• [Your instructions]
Would you write out every record that follows exactly, with the pictures left out?

• [Entries provided]
________________________

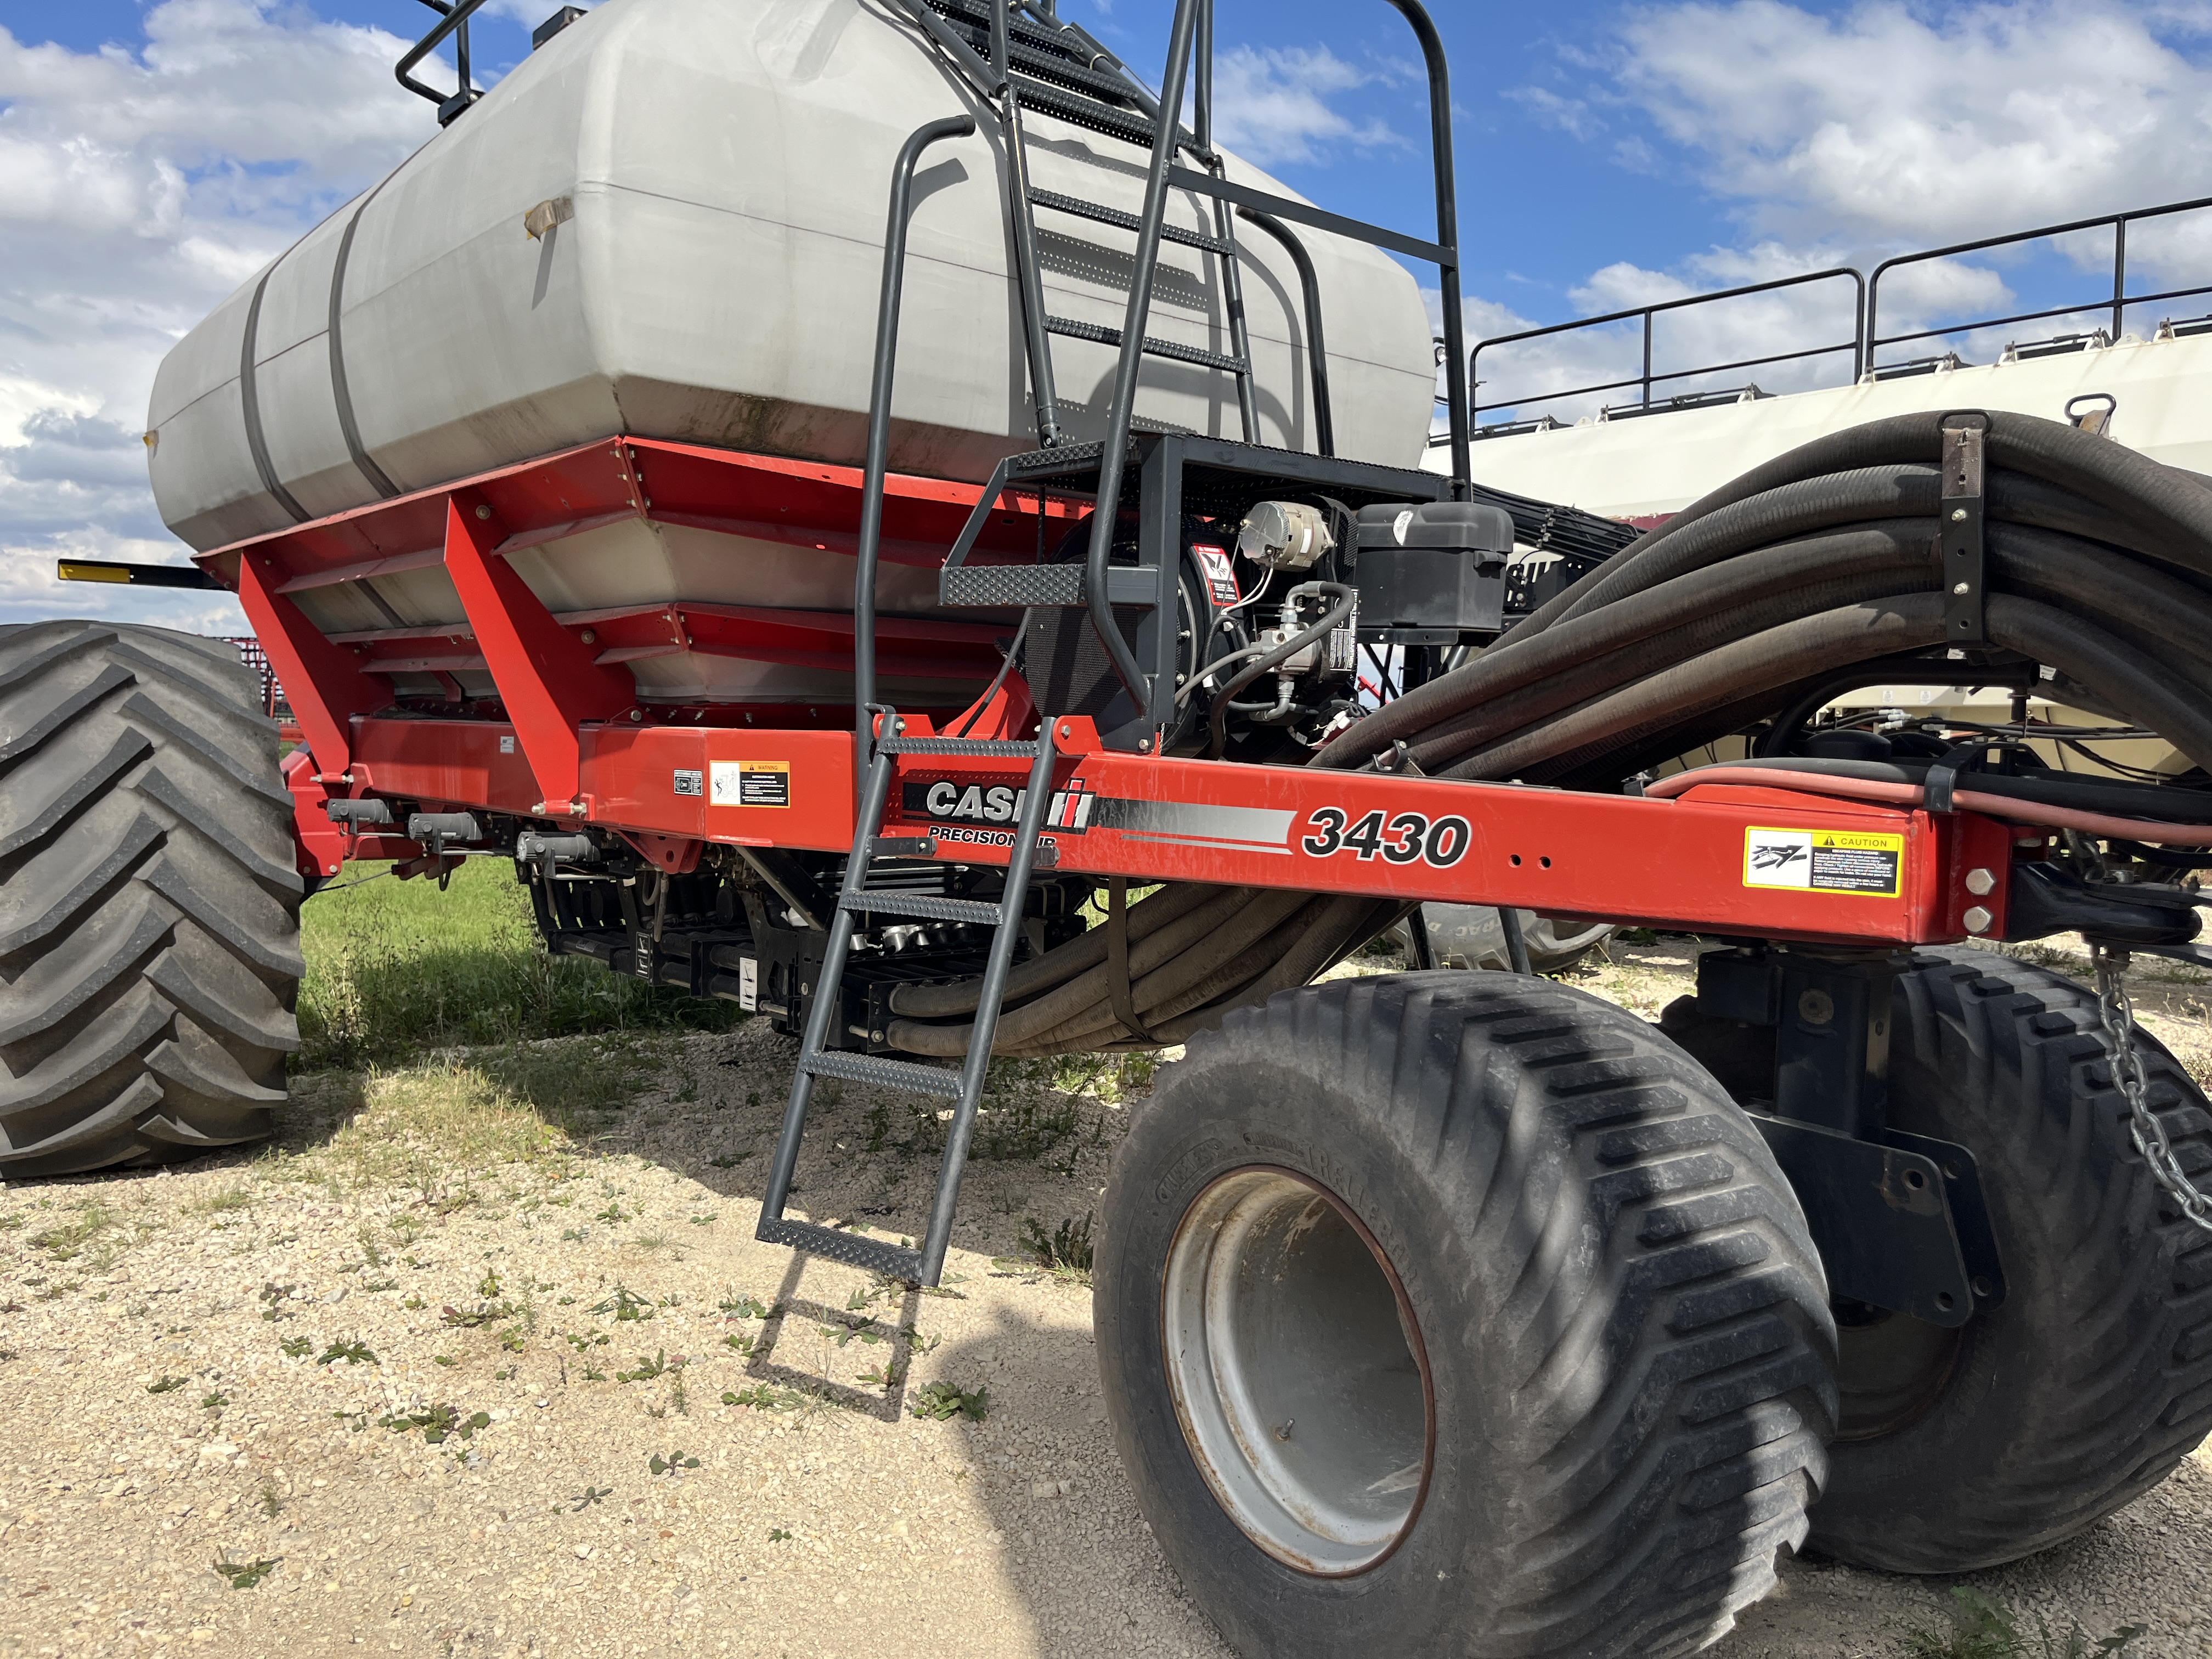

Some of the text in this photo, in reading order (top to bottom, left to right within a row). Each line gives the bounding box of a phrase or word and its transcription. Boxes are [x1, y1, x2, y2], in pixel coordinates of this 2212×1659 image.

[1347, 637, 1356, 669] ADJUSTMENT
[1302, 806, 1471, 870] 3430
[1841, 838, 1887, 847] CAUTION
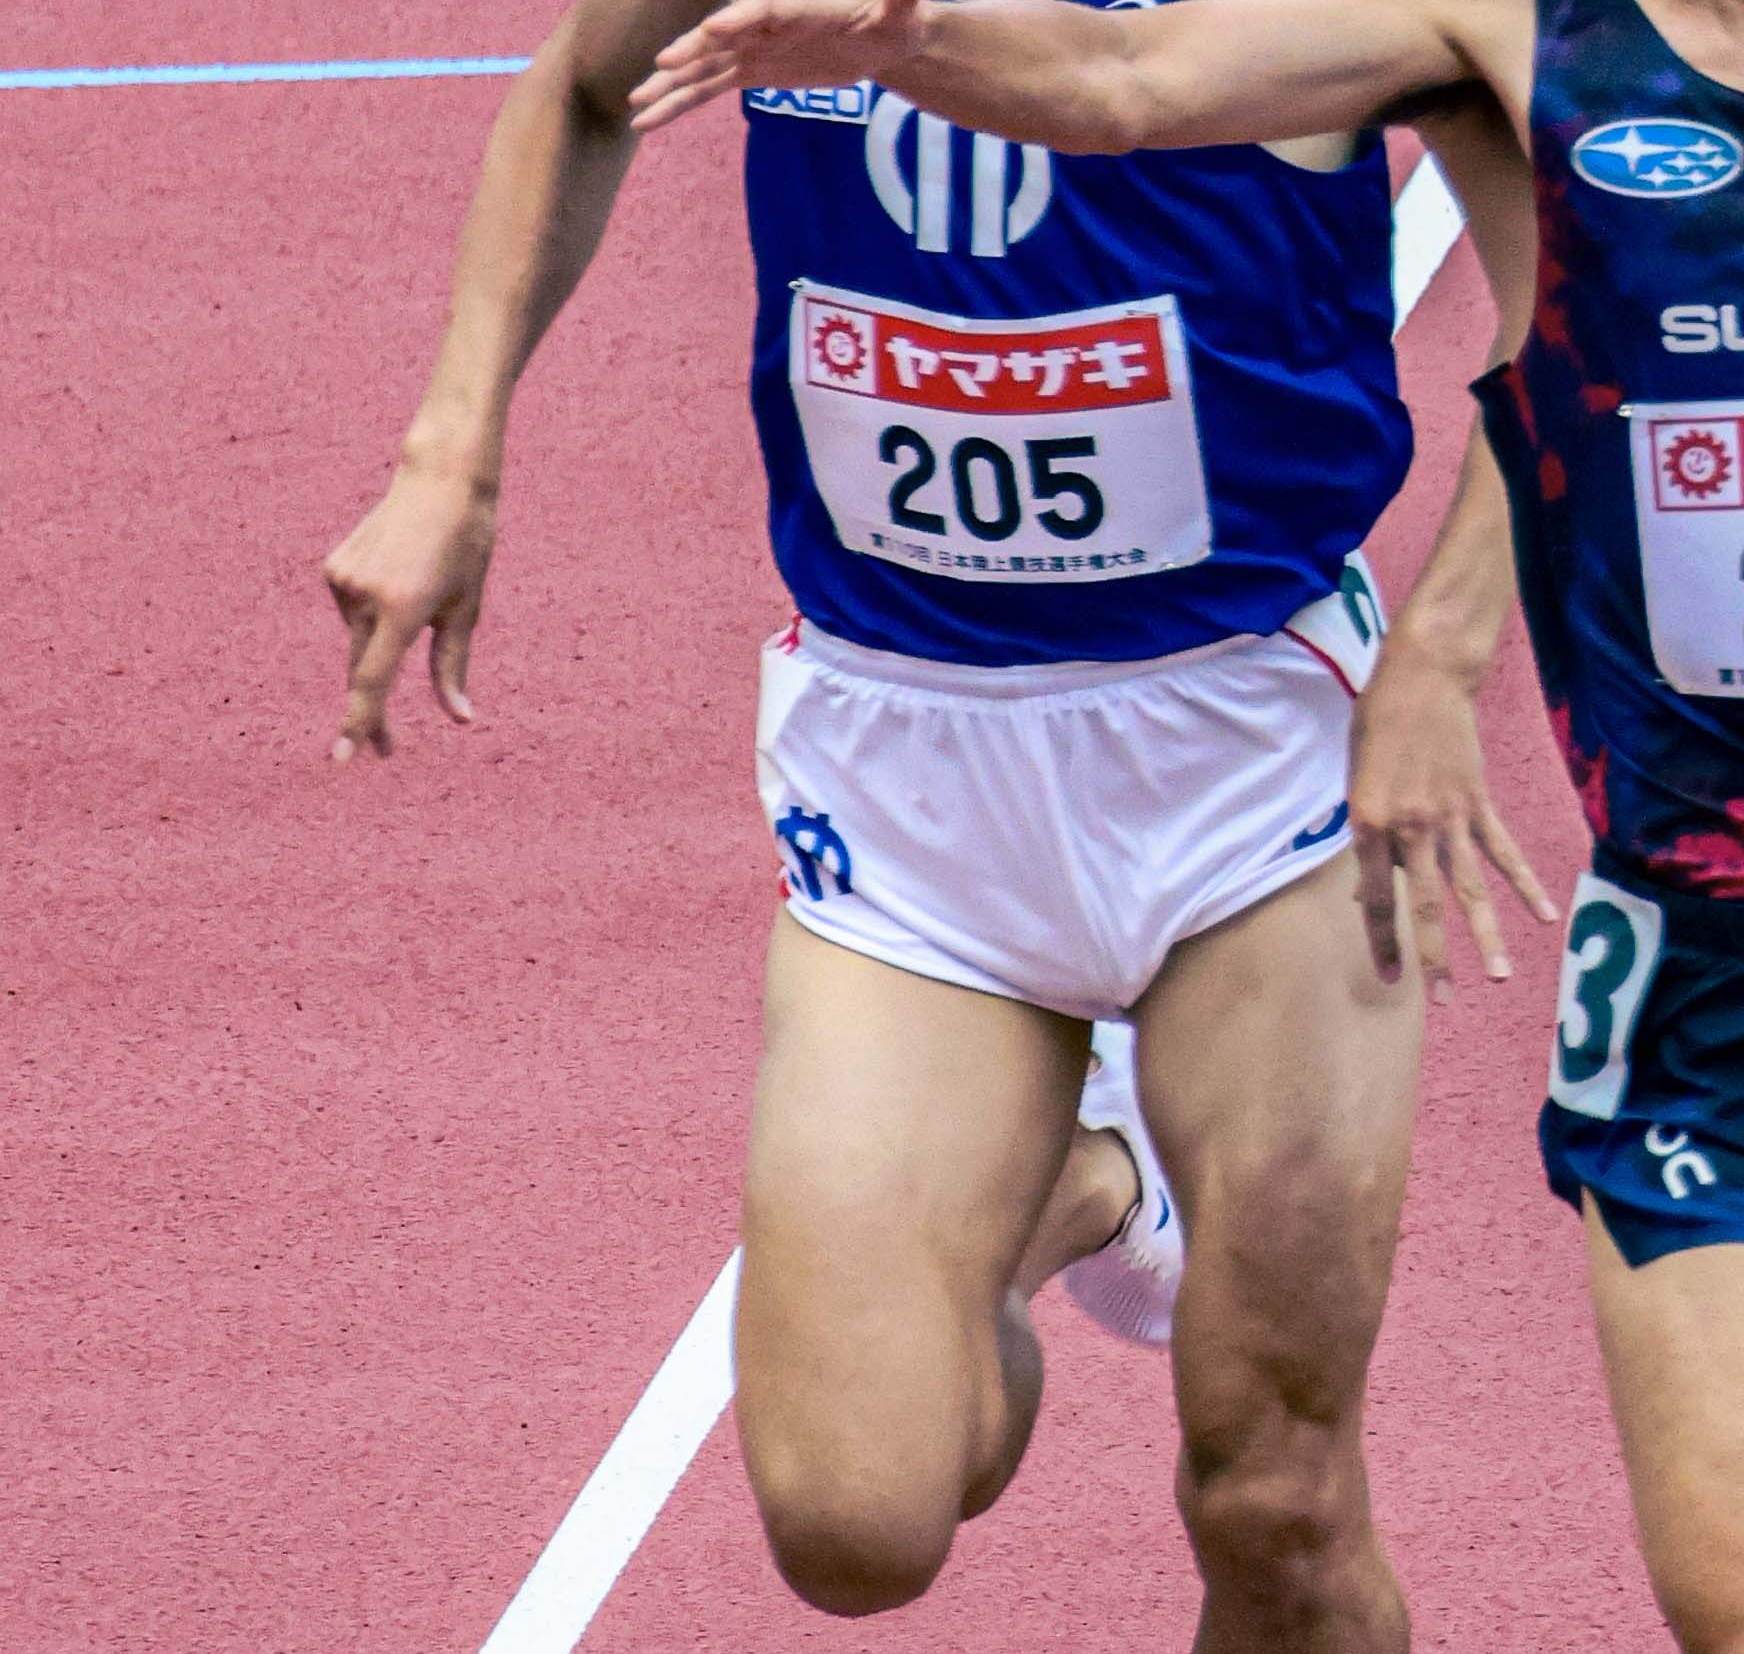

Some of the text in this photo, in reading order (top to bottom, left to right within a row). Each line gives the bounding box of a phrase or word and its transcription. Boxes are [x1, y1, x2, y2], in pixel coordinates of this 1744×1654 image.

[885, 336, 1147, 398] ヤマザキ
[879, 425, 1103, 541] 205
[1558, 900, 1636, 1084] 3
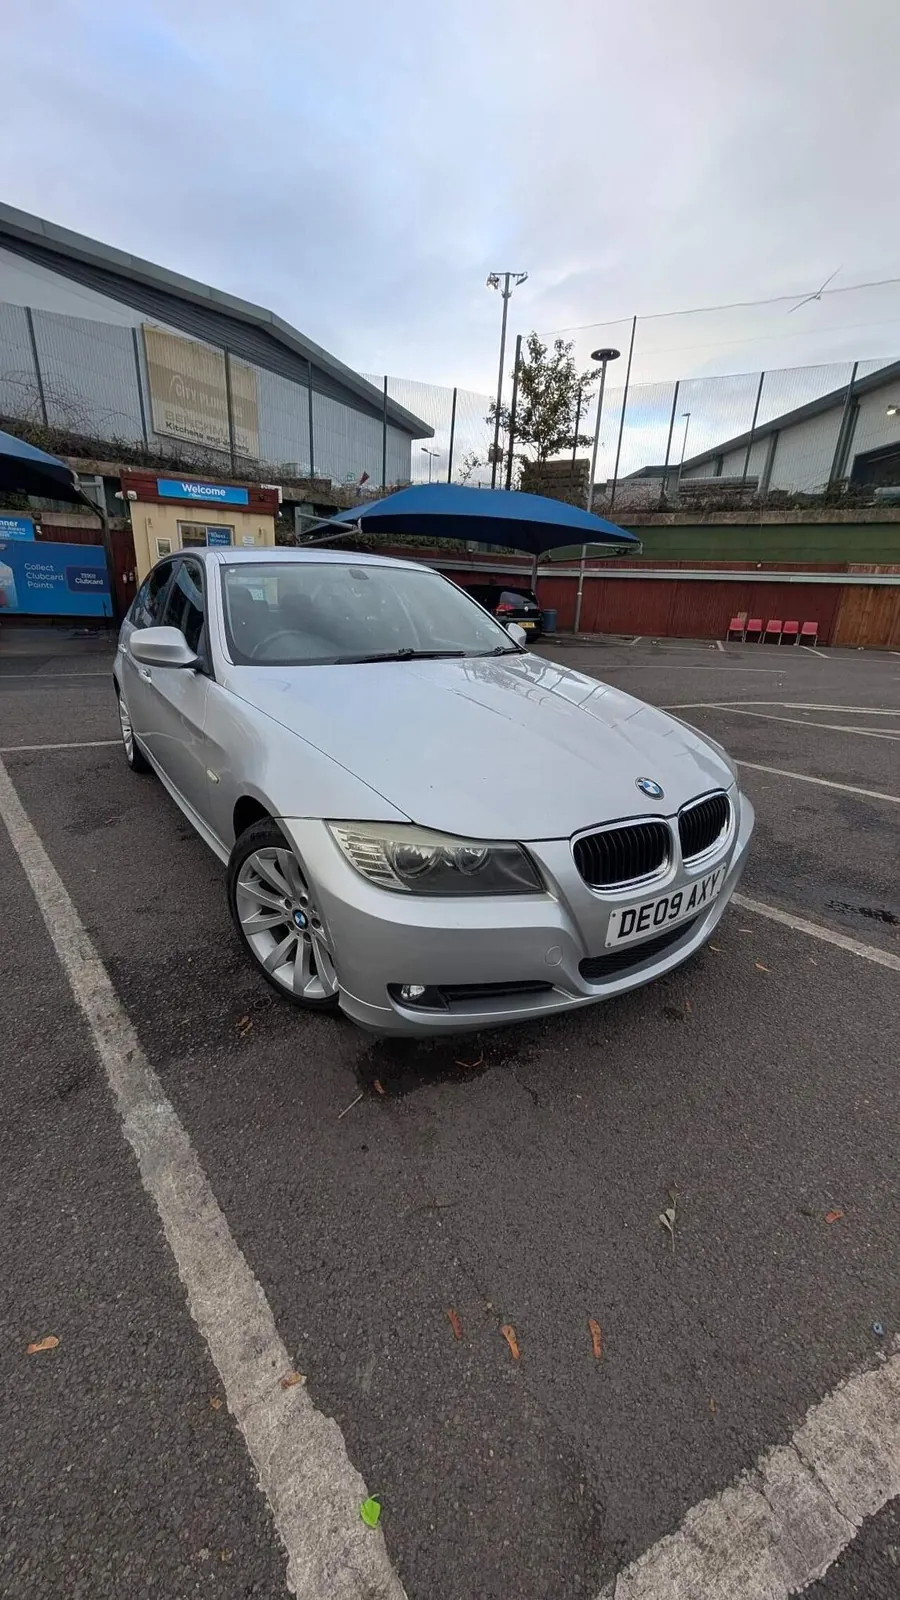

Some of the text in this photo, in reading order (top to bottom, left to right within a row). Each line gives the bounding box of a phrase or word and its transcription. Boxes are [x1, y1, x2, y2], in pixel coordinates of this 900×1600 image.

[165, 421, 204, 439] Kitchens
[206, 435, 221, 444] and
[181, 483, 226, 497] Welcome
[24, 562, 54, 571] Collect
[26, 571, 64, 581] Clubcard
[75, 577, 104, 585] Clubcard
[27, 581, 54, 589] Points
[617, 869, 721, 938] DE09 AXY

________________________

• [Answer to this exercise]
Some of the text in this photo, in reading order (top to bottom, left to right within a row). Each line gives the bounding box of a phrase or word and its transcription. Boxes are [x1, y1, x2, y2], in pixel coordinates of this 2212×1659 image.

[1347, 637, 1356, 669] ADJUSTMENT
[1302, 806, 1471, 870] 3430
[1841, 838, 1887, 847] CAUTION

Some of the text in this photo, in reading order (top to bottom, left to right within a row). Each line gives the bounding box of a phrase or word and its transcription. Boxes are [x1, y1, x2, y2], in pixel coordinates of this 1744×1654 image.

[885, 336, 1147, 398] ヤマザキ
[879, 425, 1103, 541] 205
[1558, 900, 1636, 1084] 3

Some of the text in this photo, in reading order (top to bottom, left to right within a row). Each line gives the bounding box of a phrase or word and its transcription. Boxes are [x1, y1, x2, y2], in pixel coordinates of this 900×1600 image.

[165, 421, 204, 439] Kitchens
[206, 435, 221, 444] and
[181, 483, 226, 497] Welcome
[24, 562, 54, 571] Collect
[26, 571, 64, 581] Clubcard
[75, 577, 104, 585] Clubcard
[27, 581, 54, 589] Points
[617, 869, 721, 938] DE09 AXY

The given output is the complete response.